• _Directions_: Will you write out the data exactly, excluding every picture?

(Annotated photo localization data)

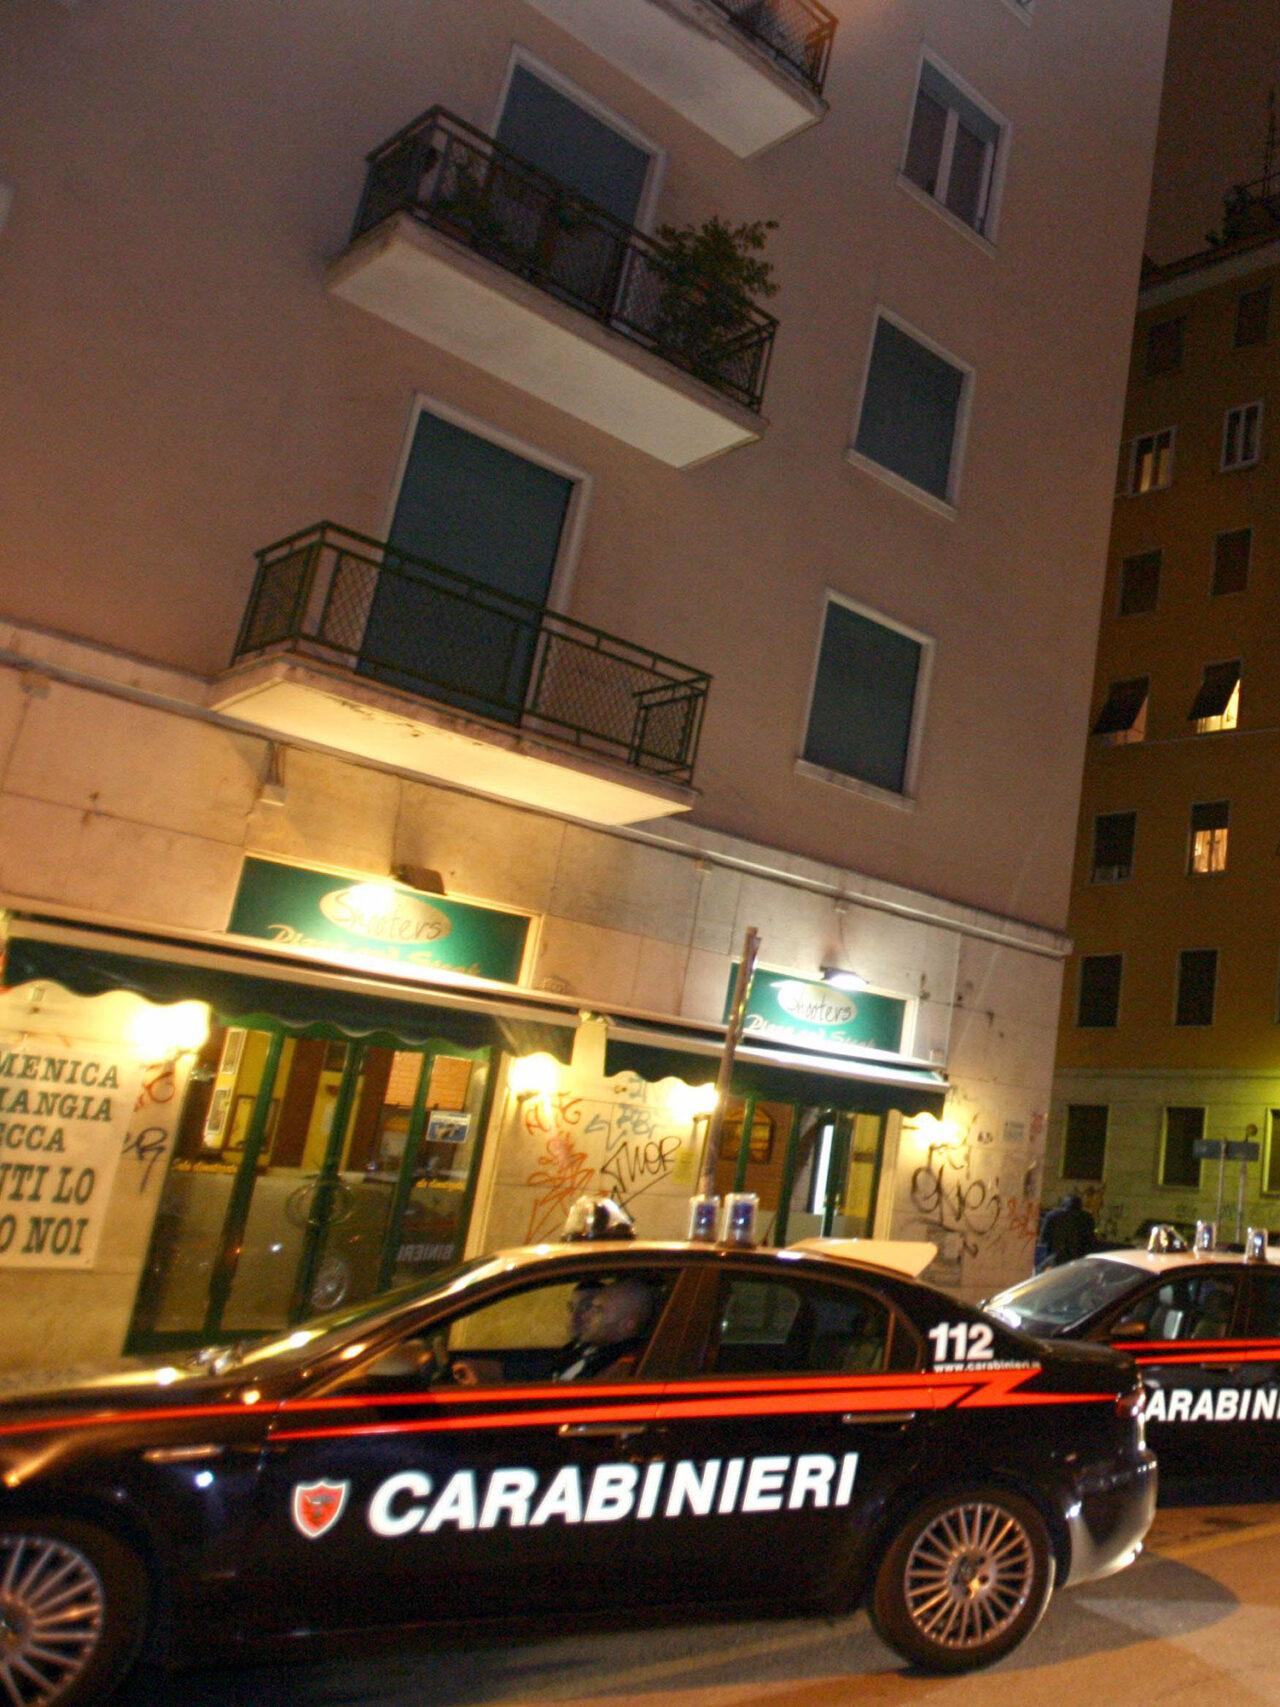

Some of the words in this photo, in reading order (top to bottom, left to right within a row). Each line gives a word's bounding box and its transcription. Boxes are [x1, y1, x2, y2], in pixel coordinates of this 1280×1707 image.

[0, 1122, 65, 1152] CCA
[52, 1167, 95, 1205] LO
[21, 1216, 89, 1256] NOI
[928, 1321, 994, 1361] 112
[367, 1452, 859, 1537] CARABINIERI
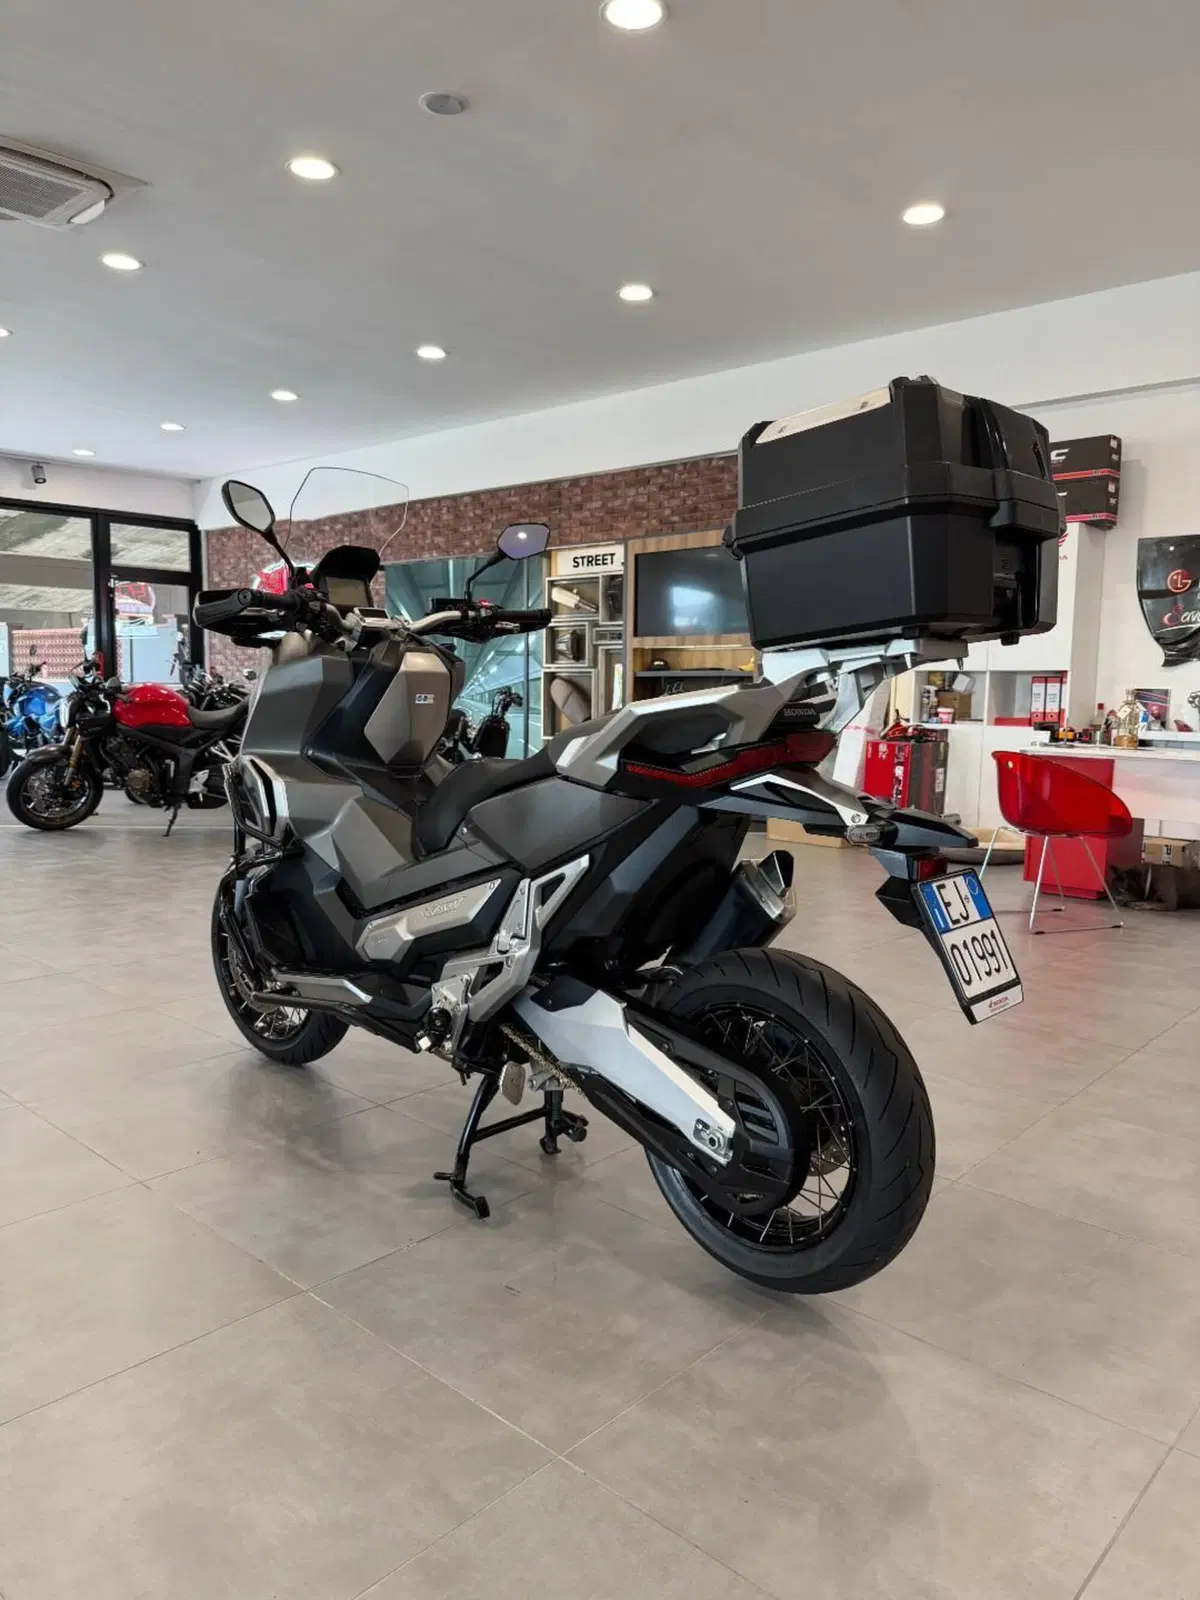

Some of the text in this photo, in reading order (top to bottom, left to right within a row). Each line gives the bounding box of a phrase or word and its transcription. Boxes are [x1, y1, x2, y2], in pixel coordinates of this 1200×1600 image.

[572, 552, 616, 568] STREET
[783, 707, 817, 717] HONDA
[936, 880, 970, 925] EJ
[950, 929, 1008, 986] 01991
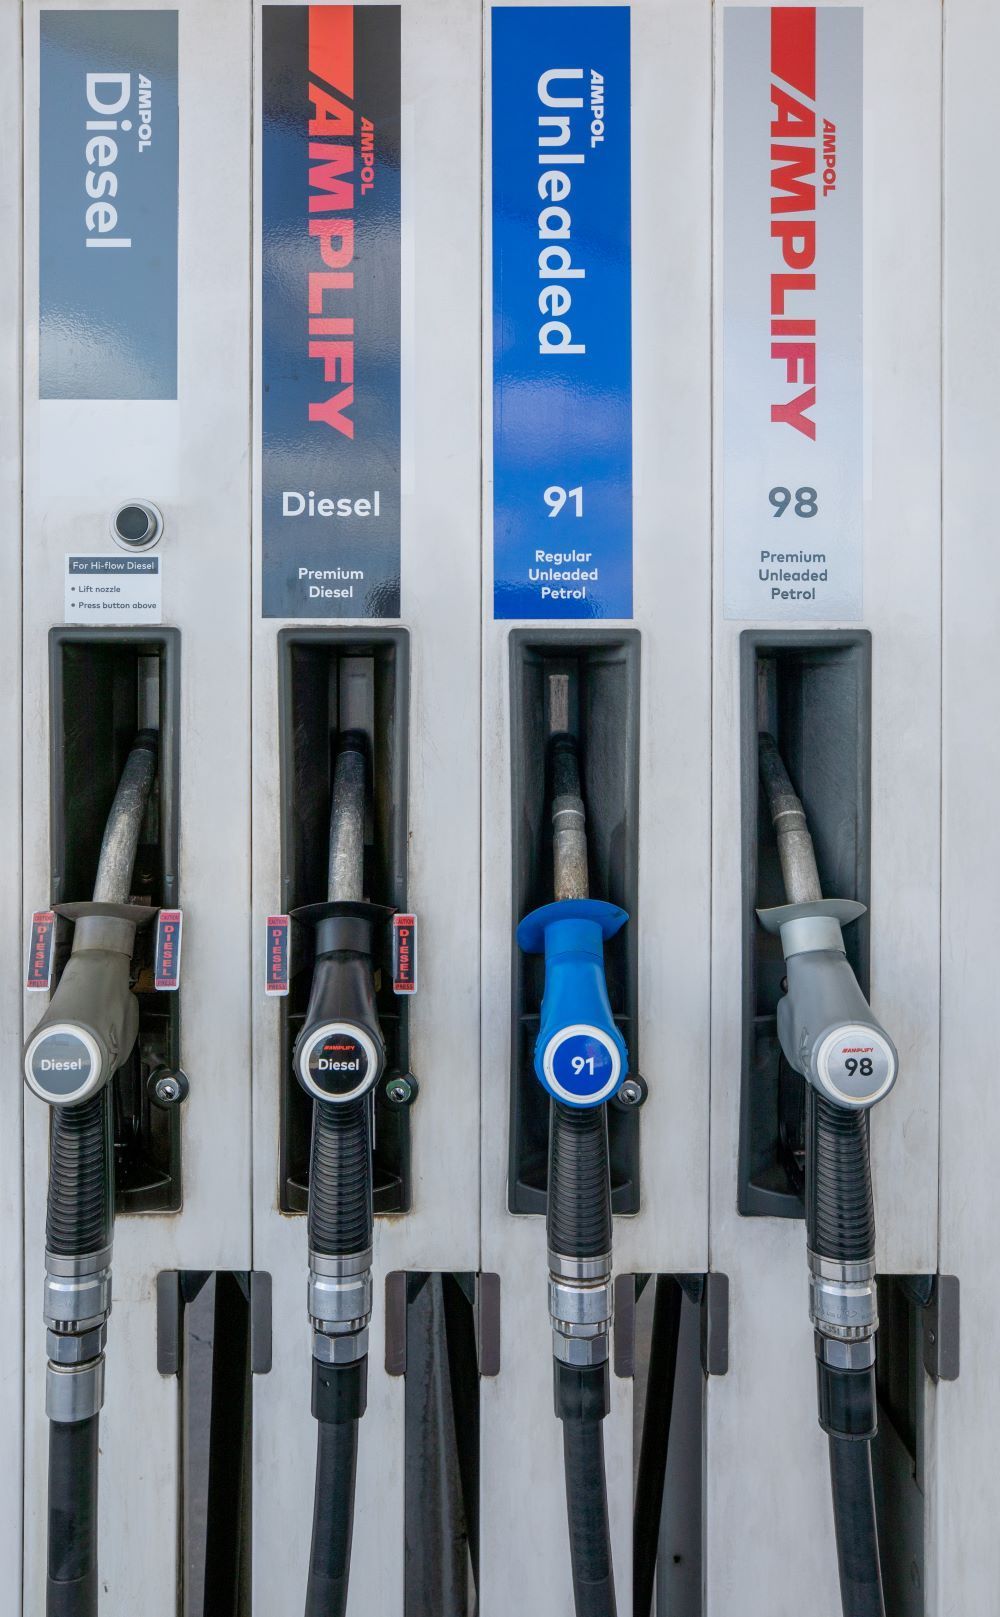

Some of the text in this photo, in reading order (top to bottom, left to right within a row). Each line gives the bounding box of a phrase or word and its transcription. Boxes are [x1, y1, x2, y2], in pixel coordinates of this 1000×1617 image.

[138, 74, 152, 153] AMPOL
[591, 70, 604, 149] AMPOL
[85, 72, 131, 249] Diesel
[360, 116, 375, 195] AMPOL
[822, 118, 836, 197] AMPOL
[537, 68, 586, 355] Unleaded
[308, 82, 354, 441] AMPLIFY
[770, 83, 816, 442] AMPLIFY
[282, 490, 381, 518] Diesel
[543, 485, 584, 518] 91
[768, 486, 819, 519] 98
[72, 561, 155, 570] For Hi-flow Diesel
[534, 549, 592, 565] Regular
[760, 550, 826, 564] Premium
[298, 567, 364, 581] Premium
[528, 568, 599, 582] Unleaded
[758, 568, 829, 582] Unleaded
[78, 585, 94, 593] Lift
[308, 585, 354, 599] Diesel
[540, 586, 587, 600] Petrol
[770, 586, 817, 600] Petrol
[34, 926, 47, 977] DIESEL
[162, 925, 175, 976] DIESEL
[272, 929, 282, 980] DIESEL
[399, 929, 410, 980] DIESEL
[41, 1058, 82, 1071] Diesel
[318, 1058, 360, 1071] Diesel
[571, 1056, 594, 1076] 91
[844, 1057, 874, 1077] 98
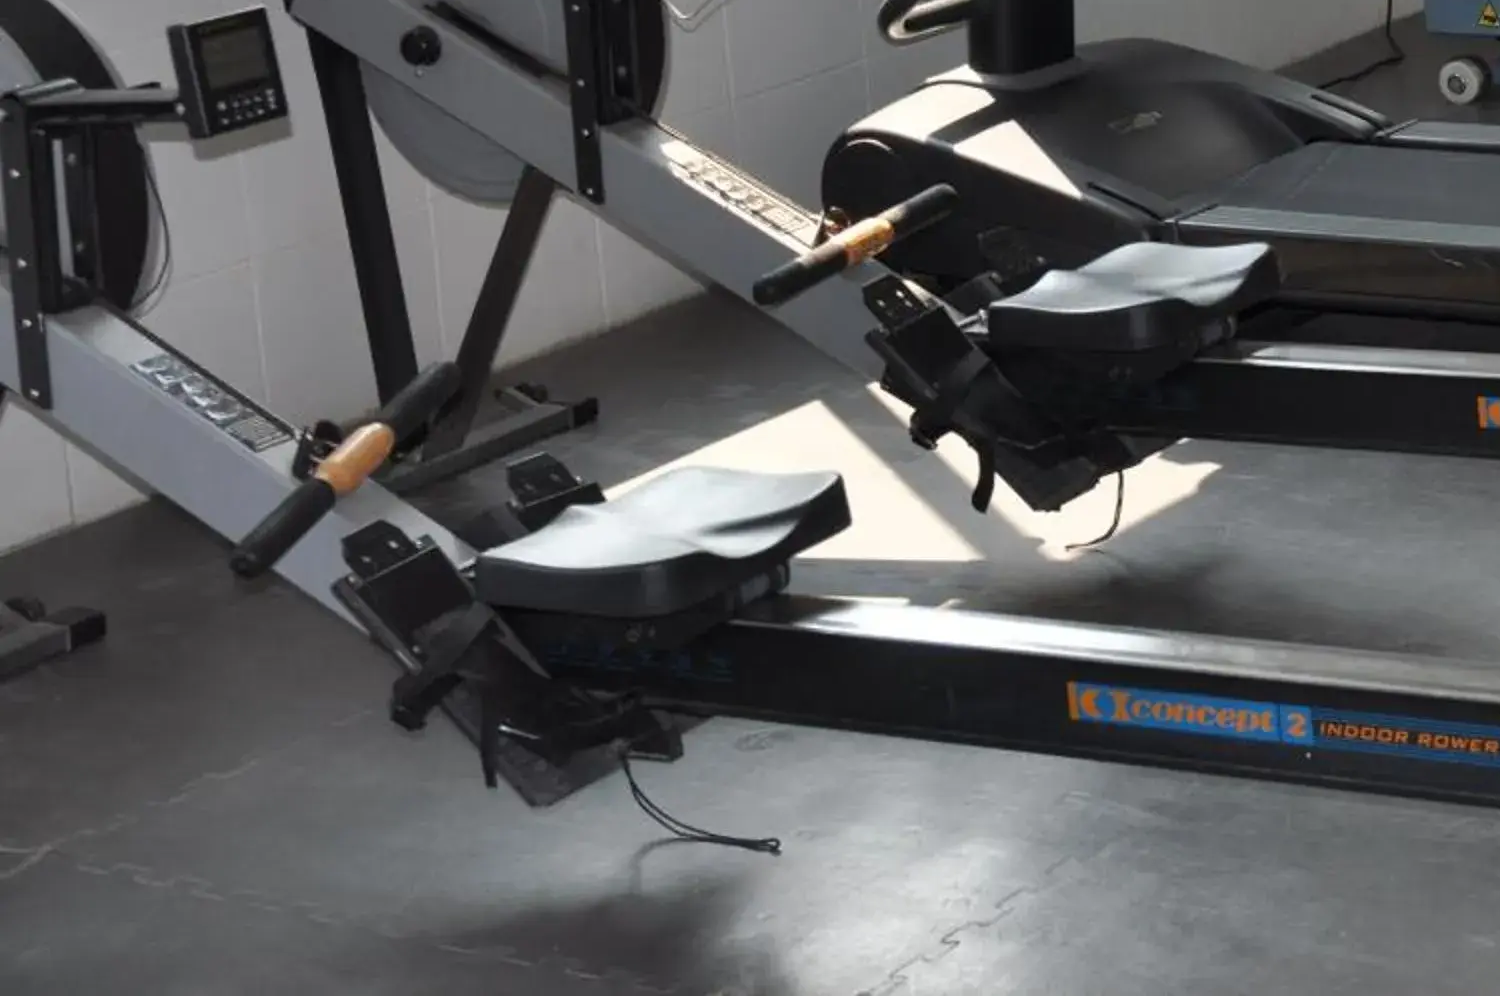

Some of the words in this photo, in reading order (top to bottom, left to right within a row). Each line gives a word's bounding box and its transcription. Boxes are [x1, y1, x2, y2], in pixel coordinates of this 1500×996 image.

• _Exercise answer_:
Some of the words in this photo, in reading order (top to bottom, left to right within a row). Each line gives a word's bounding box and its transcription. Boxes are [x1, y1, x2, y2], in pixel coordinates of this 1280×1707 image.

[0, 1122, 65, 1152] CCA
[52, 1167, 95, 1205] LO
[21, 1216, 89, 1256] NOI
[928, 1321, 994, 1361] 112
[367, 1452, 859, 1537] CARABINIERI

Some of the text in this photo, in reading order (top to bottom, left to right within a row). Each line gives the bounding box of a phrase or word and its transcription. Boxes are [x1, y1, x2, y2], in pixel coordinates of this 1200×1600 image.

[572, 552, 616, 568] STREET
[783, 707, 817, 717] HONDA
[936, 880, 970, 925] EJ
[950, 929, 1008, 986] 01991

Some of the text in this photo, in reading order (top to bottom, left to right within a row). Each line gives the bounding box of a phrase or word and its transcription. Boxes are [x1, y1, x2, y2], in pixel coordinates of this 1000×1617 image.

[138, 74, 152, 153] AMPOL
[591, 70, 604, 149] AMPOL
[85, 72, 131, 249] Diesel
[360, 116, 375, 195] AMPOL
[822, 118, 836, 197] AMPOL
[537, 68, 586, 355] Unleaded
[308, 82, 354, 441] AMPLIFY
[770, 83, 816, 442] AMPLIFY
[282, 490, 381, 518] Diesel
[543, 485, 584, 518] 91
[768, 486, 819, 519] 98
[72, 561, 155, 570] For Hi-flow Diesel
[534, 549, 592, 565] Regular
[760, 550, 826, 564] Premium
[298, 567, 364, 581] Premium
[528, 568, 599, 582] Unleaded
[758, 568, 829, 582] Unleaded
[78, 585, 94, 593] Lift
[308, 585, 354, 599] Diesel
[540, 586, 587, 600] Petrol
[770, 586, 817, 600] Petrol
[34, 926, 47, 977] DIESEL
[162, 925, 175, 976] DIESEL
[272, 929, 282, 980] DIESEL
[399, 929, 410, 980] DIESEL
[41, 1058, 82, 1071] Diesel
[318, 1058, 360, 1071] Diesel
[571, 1056, 594, 1076] 91
[844, 1057, 874, 1077] 98

Some of the words in this photo, in reading order (top to bottom, left to right within a row). Each line gives a word's bounding box and its transcription. Boxes are [x1, y1, x2, y2], in pixel coordinates of this 1500×996 image.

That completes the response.